PHOENIX — An Arizona rancher who fought for years to retain sole use of his “Bar 7” cattle brand won a big victory Thursday in the Arizona Supreme Court when the court ruled the state did not have the legal right to let another cattle company use it to brand its cows.
The unanimous court ruling said the state violated a decades-old law that bars an identical cattle brand from being used by two ranchers.
Rancher David Stambaugh called the decision that also awarded him his attorneys’ fees “awesome.”
“After 5 years — jiminy Christmas — unbelievable,” he said.

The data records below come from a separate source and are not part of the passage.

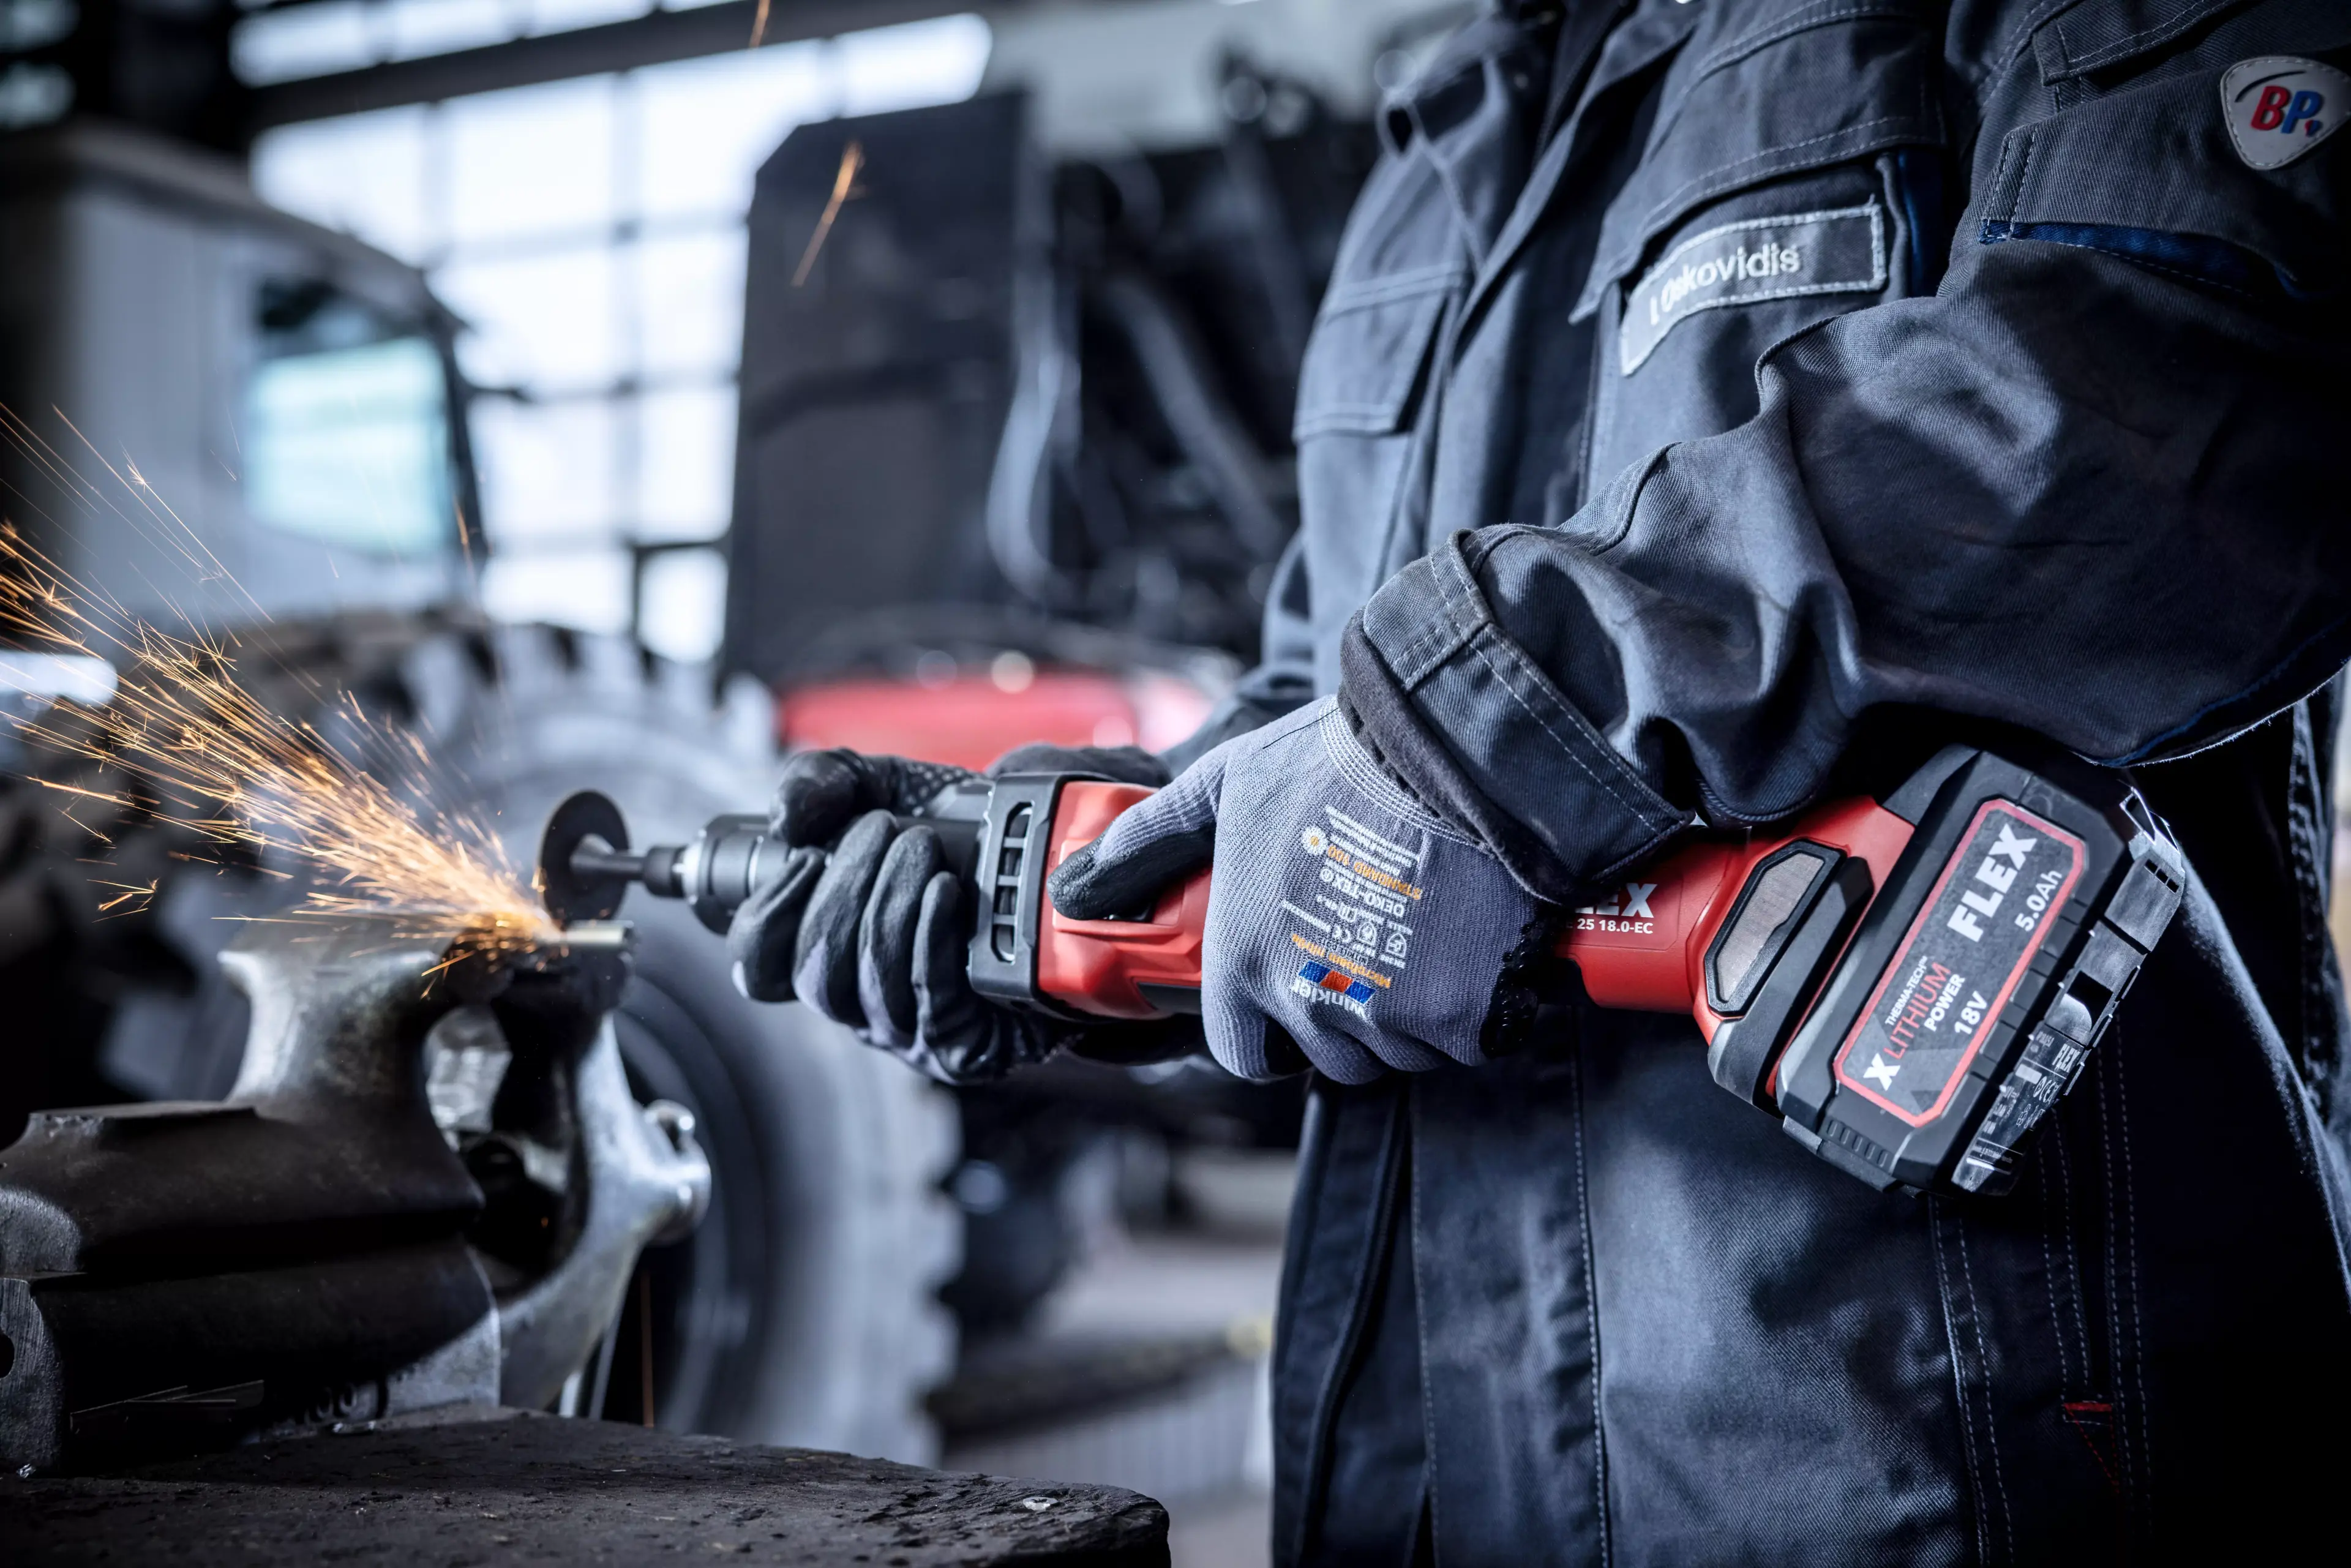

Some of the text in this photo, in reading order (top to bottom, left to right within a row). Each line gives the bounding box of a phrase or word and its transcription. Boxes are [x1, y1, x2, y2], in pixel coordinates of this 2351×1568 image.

[1948, 823, 2038, 942] FLEX
[2015, 869, 2062, 931] 5.0Ah
[1577, 918, 1594, 930] 25
[1599, 919, 1653, 934] 18.0-EC
[1393, 958, 1405, 969] EN
[1291, 977, 1363, 1016] winkler
[1924, 973, 1965, 1032] POWER
[1954, 990, 1987, 1035] 18V
[1862, 962, 1952, 1091] X LITHIUM
[2052, 1043, 2081, 1073] FLEX

Stambaugh, 50, has owned the Bar 7 brand since he was 10, when a retired rancher who was friends with his family sold it to him along with 10 cows for $10. He operates a farm near the small city of Eloy, 65 miles south of Phoenix, and runs about 30 head of cattle on land near the tiny town of Winkelman.

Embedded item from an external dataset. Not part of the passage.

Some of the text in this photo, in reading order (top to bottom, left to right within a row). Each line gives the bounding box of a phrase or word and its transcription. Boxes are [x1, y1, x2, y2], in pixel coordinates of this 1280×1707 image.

Stambaugh objected when the state Agriculture Department allowed the Eureka Springs Cattle Co. to use the identical brand in a slightly different part of its cows’ bodies. The company also had operations in California, where it has rights to the same brand.
Eureka Springs owner Roger Warner said he wanted to be able to send his young cattle from Arizona to California so sought the same brand in Arizona.
Two appeals court judges said in a ruling last year that the department had the discretion to issue the brand because it was to be placed on the cows’ left rib area and Stambaugh branded his cows on the left hip. One judge said registering identical brands was not legal.
The Supreme Court, in an opinion written by Justice Robert Brutinel, said there was no discretion allowed.
“The statute clearly provides that a brand with an identical design or figure may not be recorded,” Brutinel wrote.
Stambaugh said in an interview after the Court of Appeals ruled last year that leaving the lower court ruling in place would lead to confusion and questions about ownership at livestock auctions and other places where brand inspectors check cattle ownership.
Under the lower court ruling, the state could issue identical brands for six different spots on a cow, left and right hip, rib and shoulder. If cows were transferred to another rancher with the same brand, it could wreak havoc at an auction, Stambaugh said.
Warner said Stambaugh’s concerns were unwarranted.
“Everything that Mr. Stambaugh said was going to happen hasn’t happened — we haven’t had one problem at all,” he said.
Warner first tried to register the brand more than five years ago, and the department’s brand clerk twice rejected the effort because it was the same Bar 7 brand, according to the Supreme Court’s case summary.
Eureka Springs then enlisted the help of the Arizona Cattle Growers’ Association. Warner and the association Executive Director Patrick Bray then went to the department together and the clerk issued the brand in 2012.
Stambaugh praised the clerk, saying she “did her job, but was forced to do it.”
Bray said he did not know the brand request had been turned down earlier and did not exert influence or choose one rancher over another.
Warner, who runs hundreds of cattle on a ranch between the small southeastern Arizona cities of Safford and Willcox, said that before the new ruling Colorado was the only other state prohibiting using the same brand in different places on cows.
He said he met with Stambaugh several times to try to negotiate a deal, but Stambaugh refused.
He said after the ruling that he will probably have to rebrand hundreds of cows.